LEWISPORTE, N.L. — With page after page, binder upon binder, Lewisporte poet Philip Patey keeps an ever-growing body of work.
As the 79-year-old opens a binder to a poem he completed this past February, he notes the page number is marked 10,708. This vast collection of beginning ideas, drafts in progress and finished poems reflect his many decades crafting words.
“At any one time there are 600 pieces in progress,” Patey said. “There’s over 400 I’ve started in the last two years. I have some poems here that have been on go since 2013.”
An evolving art
It was in his first year of university that Patey decided to devote his leisurely hours to writing. Since then he has developed a unique process and protocol to creating his poems.
Equipped with a notepad, often the poems start with Patey’s day-to-day observations, from something as simple as a glance out the windowsill. With this mindset to always be ready when an idea strikes, Patey holds a large bank of ideas and subject matter, ranging from sunbeams, birds and gardening to potholes, friendship, the fishery, growing old, and the list goes on.
“My ideas come to me in a variety of ways; they come to me and I write them down,” he said. “I have 27 ideas written for February, almost one for each day.

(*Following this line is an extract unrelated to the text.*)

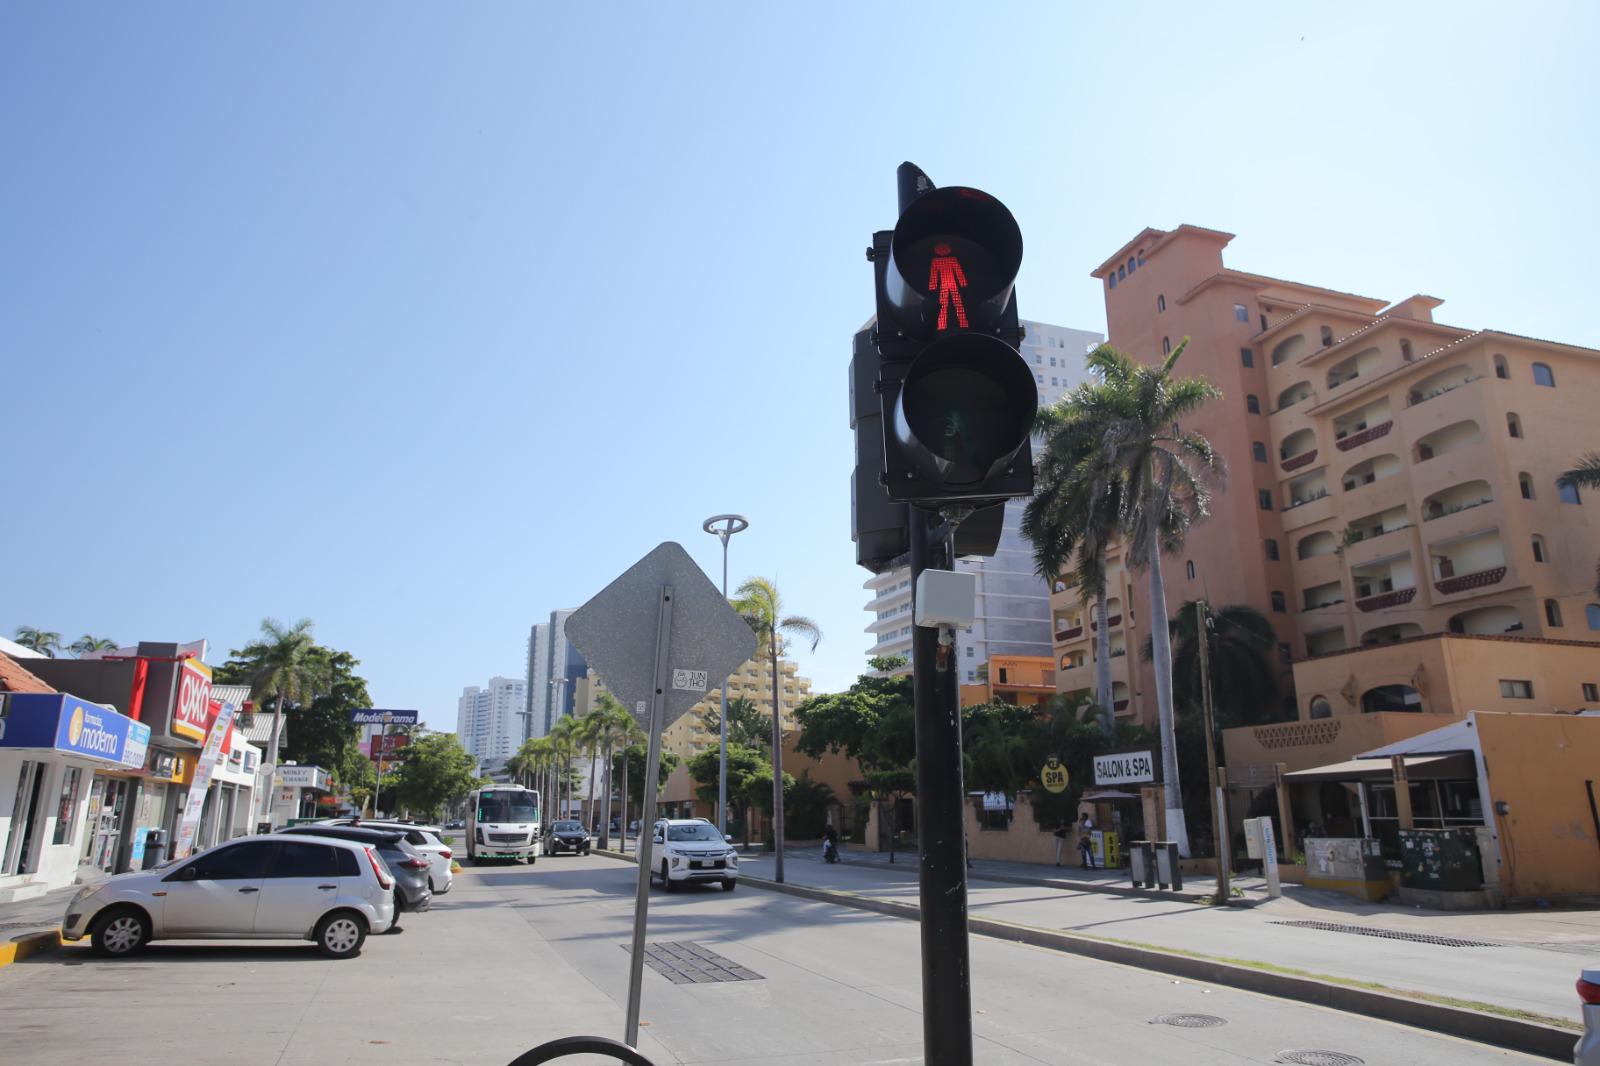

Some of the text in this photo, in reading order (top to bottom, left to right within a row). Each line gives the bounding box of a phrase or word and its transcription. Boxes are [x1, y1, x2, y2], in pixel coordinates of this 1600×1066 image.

“They go in a binder with all the other ideas I’ve collected and they sit there for more than a year. When I start working on them, I spend at least two years on each idea. Sometimes the ideas don’t get very far, sometimes they become completed pieces of work.”

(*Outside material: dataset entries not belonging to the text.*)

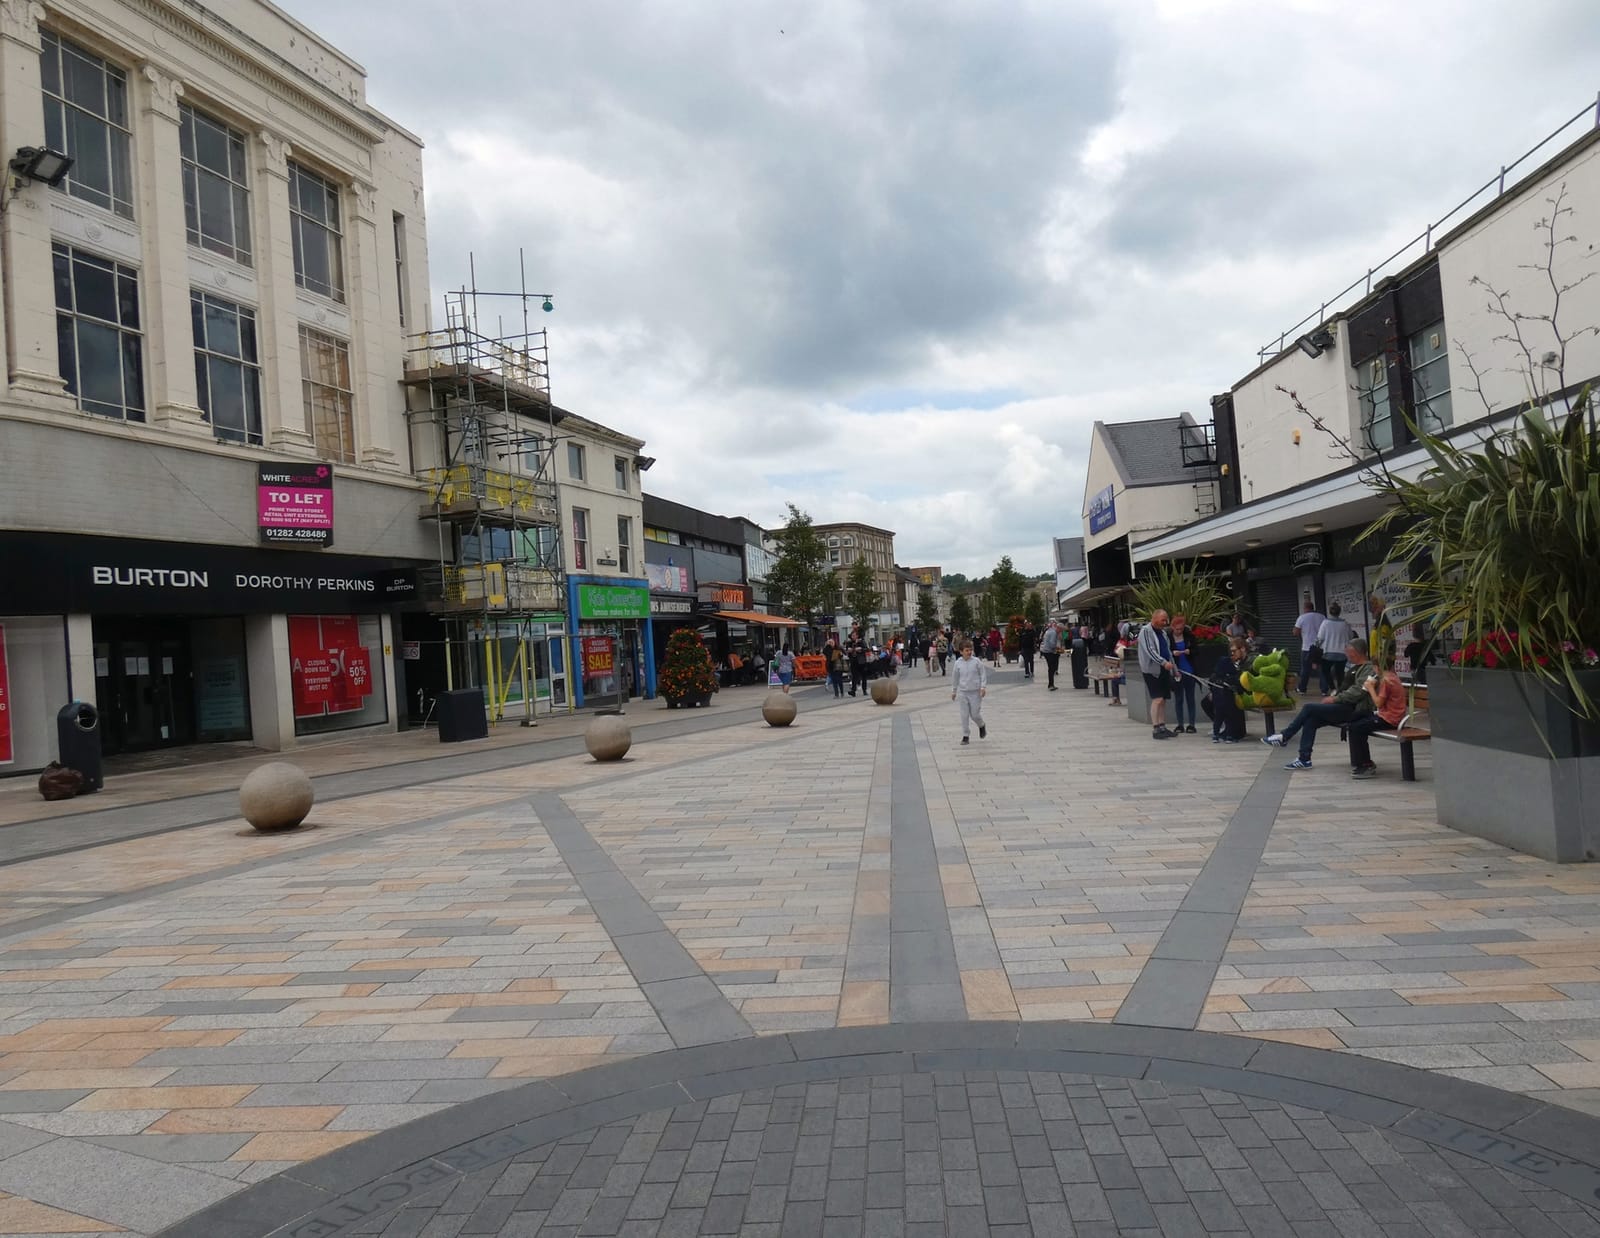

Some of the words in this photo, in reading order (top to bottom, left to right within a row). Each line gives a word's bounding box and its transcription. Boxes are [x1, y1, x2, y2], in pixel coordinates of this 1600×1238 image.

[269, 493, 290, 503] TO
[295, 494, 323, 504] LET
[267, 529, 293, 537] 01282
[296, 530, 326, 538] 428486
[93, 566, 208, 587] BURTON
[236, 575, 313, 589] DOROTHY
[318, 578, 374, 591] PERKINS
[589, 654, 610, 669] SALE
[350, 666, 366, 677] 50%
[354, 678, 364, 686] OFF
[1407, 1116, 1552, 1174] SITE

With this two-year minimum to each prospective poem, Patey will return to ideas he wrote about years past and begin the first line. Over time, he returns again and again until he feels assured the piece is complete. It is this extensive and long-term process that has Patey working on hundreds of poems simultaneously.
Last February, Patey returned to an idea he had written down 12 years before, writing the initial lines for a poem about loons. He says it will be at least until February, 2020, before that poem is complete.
Even in deep rest, Patey keeps a pen and paper near his bedside in case a dream strikes him with a great idea.
“I wake in the night and write when a sudden idea or a vivid dream comes to me,” he said. “In the dark you know how to shape the letters without looking at them. I’ve had fantastic ideas come from a dream.”
At 12 handwritten pages, the longest poem in Patey’s collection is one about resettlement. The opening description of a breed of men who once lived where the North Atlantic stretched towards the land, paints a topic Patey is familiar with. His parents were clergy with the Salvation Army and growing up he was often moved from town to town.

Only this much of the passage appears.